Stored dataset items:
========

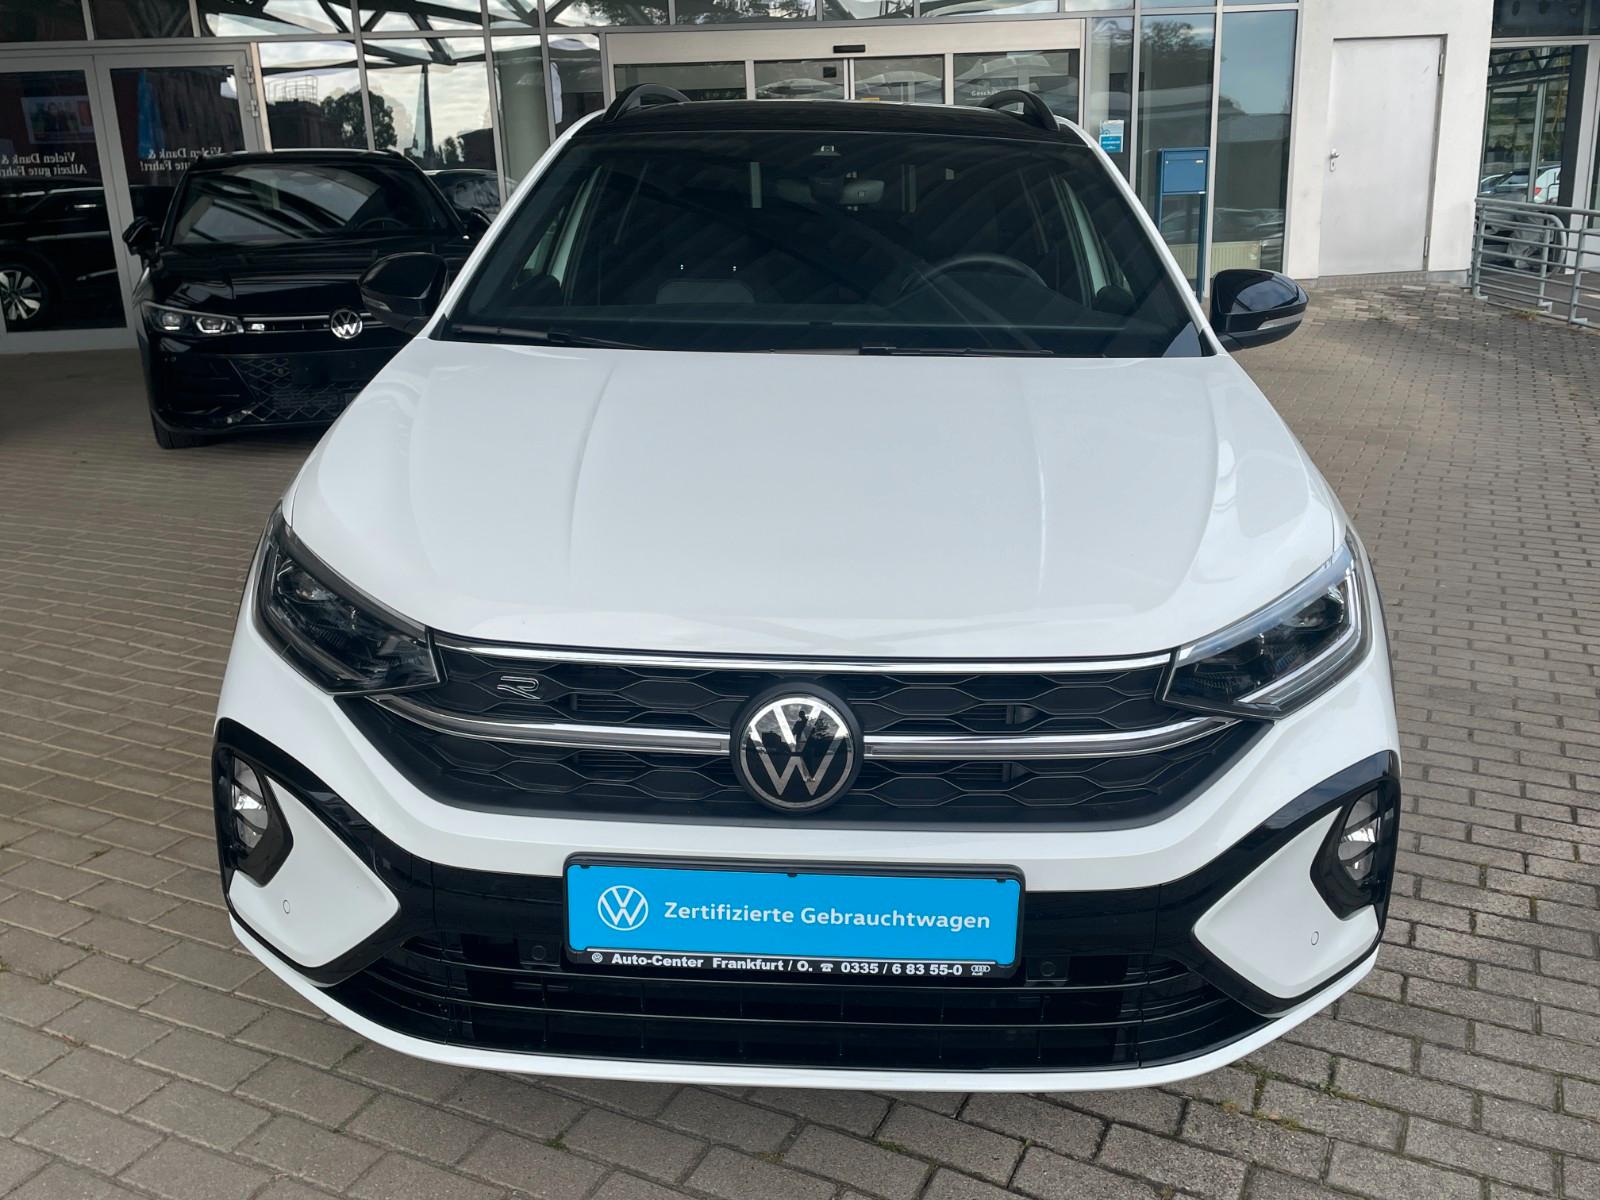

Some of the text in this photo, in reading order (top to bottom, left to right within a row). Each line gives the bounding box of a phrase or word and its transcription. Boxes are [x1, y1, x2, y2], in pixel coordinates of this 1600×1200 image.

[496, 675, 541, 700] R
[744, 700, 851, 802] VW
[598, 885, 649, 931] VW
[663, 901, 991, 932] Zertifizierte Gebrauchtwagen
[611, 953, 704, 968] Auto-Center
[712, 957, 784, 971] Frankfurt
[797, 960, 813, 972] O.
[841, 963, 879, 974] 0335
[891, 963, 902, 975] 6
[905, 964, 925, 975] 83
[929, 964, 963, 976] 55-0

========

— WHAT THE EXERCISE ASKS —
Since pictures are not part of the copy, set down only the remaining data exactly.

— EXERCISE SOLUTION —
Some of the text in this photo, in reading order (top to bottom, left to right within a row). Each line gives the bounding box of a phrase or word and its transcription. Boxes are [x1, y1, x2, y2], in pixel coordinates of this 1600×1200 image.

[496, 675, 541, 700] R
[744, 700, 851, 802] VW
[598, 885, 649, 931] VW
[663, 901, 991, 932] Zertifizierte Gebrauchtwagen
[611, 953, 704, 968] Auto-Center
[712, 957, 784, 971] Frankfurt
[797, 960, 813, 972] O.
[841, 963, 879, 974] 0335
[891, 963, 902, 975] 6
[905, 964, 925, 975] 83
[929, 964, 963, 976] 55-0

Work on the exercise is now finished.